Tonight, moonless, we will let Archive rest. Bushwahili is Archive’s prodigal deity. Most viscous and slippery indeed, Bushwahili; thus their rubbery lobe caught between my index and thumb is a treat. In Archive's stead, Bushwahili offers an apprenticeship in seducing a distant treasure: fenestration, alimentation, and devotion. Through this triple-tongued instruction, we might meet all the waters within and the holy wetness without.

Eti? First, feathering the film of the thing, rejoice in its tautness and that coy substrate. Bushwahili's prima materia is methali; you will receive of this ch,oral bounty. Dare to point your tongue, a toe; or perhaps, the finest of cilia, like a raindrop, will dimple and then pierce the surface. Fenestration, and a hushing: thus, a temple rises from the eternal River. Furnished with wetness, you then re,hydrate an ancient attunement to nourishing nourishment. The god you feed feeds you. Is that alimentation you hear? Naam, so you cup a palm behind one ear. What -tropism is this? Psalming water upon the neck now, you perform ablutions. It is clear the -tropism re-solved in you is a sense for Absence. That primeval SiLent is possible only once one melts into devotion: a devotion of none-sense essential.

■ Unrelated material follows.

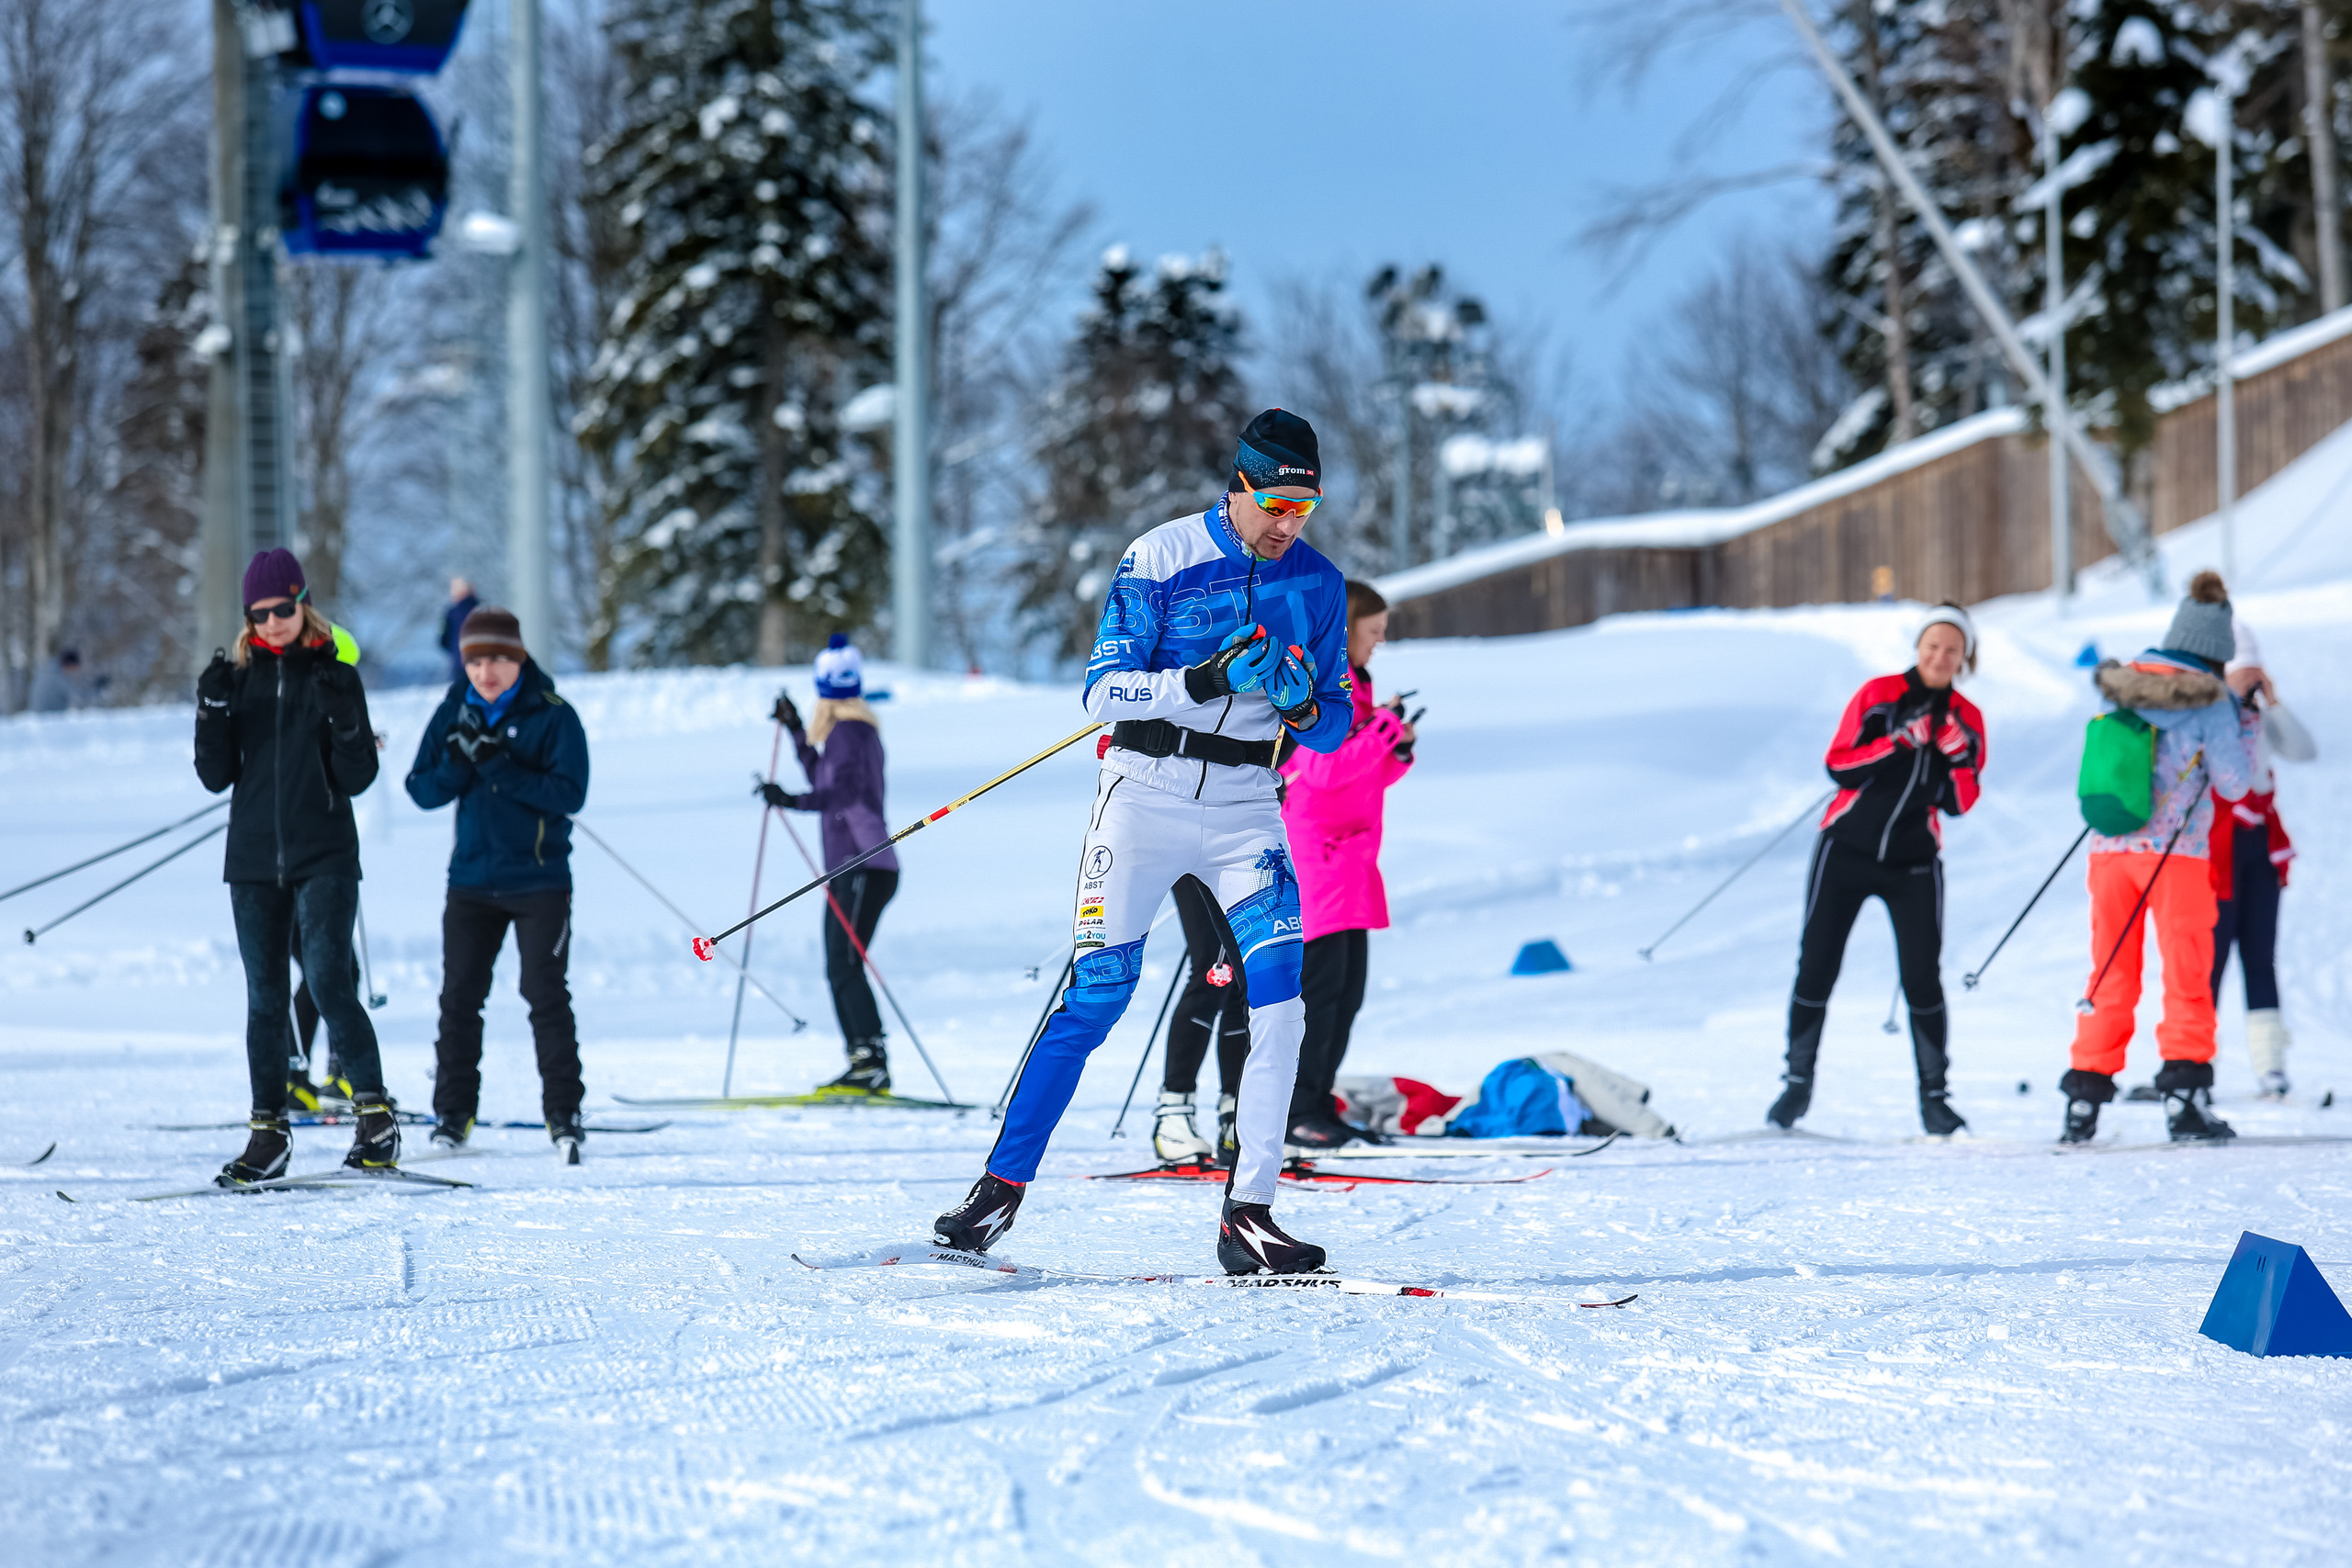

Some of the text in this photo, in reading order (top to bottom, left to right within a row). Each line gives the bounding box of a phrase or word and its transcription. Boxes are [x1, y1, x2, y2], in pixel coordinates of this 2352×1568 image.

Offspring of ice, one sighing refrain is this: Churururururururururu; Ndondondondondondo. This, salvation and the ecstatic. All-cuppable in our culpability, sipping and slurped— hatimaye, immersed by the Well of Room Enough For All of Us At Last, and we never /leave/ thirsty again.

Bushwahili invites We. We ever outside radio frequency range. We underwater and garbled. We of soil-stuffed wells for throats. We wet with wanting, we dug-out and drained. Yes, you We: "lemme bend yr 3rd ear."

Eti! Have you heard the Good News?: We will drink from the pure waters again.

A strange, nameless river
runs from my heart
into this world
while I go happily
trying to reach a country
inhabited by no one.

- Michiko Nogami
In: Jack Gilbert and Michiko Nogami. “4221.” Kochan, Tamarack, 1984.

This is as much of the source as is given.